REQUIREMENT
Copy each line below exactly.

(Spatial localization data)
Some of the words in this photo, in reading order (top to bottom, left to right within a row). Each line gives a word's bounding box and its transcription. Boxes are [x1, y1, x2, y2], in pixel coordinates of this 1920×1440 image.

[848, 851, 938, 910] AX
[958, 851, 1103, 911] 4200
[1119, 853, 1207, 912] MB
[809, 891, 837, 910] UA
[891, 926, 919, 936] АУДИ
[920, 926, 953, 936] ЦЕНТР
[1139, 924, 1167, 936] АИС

EXPECTED ANSWER
Some of the words in this photo, in reading order (top to bottom, left to right within a row). Each line gives a word's bounding box and its transcription. Boxes are [x1, y1, x2, y2], in pixel coordinates of this 1920×1440 image.

[848, 851, 938, 910] AX
[958, 851, 1103, 911] 4200
[1119, 853, 1207, 912] MB
[809, 891, 837, 910] UA
[891, 926, 919, 936] АУДИ
[920, 926, 953, 936] ЦЕНТР
[1139, 924, 1167, 936] АИС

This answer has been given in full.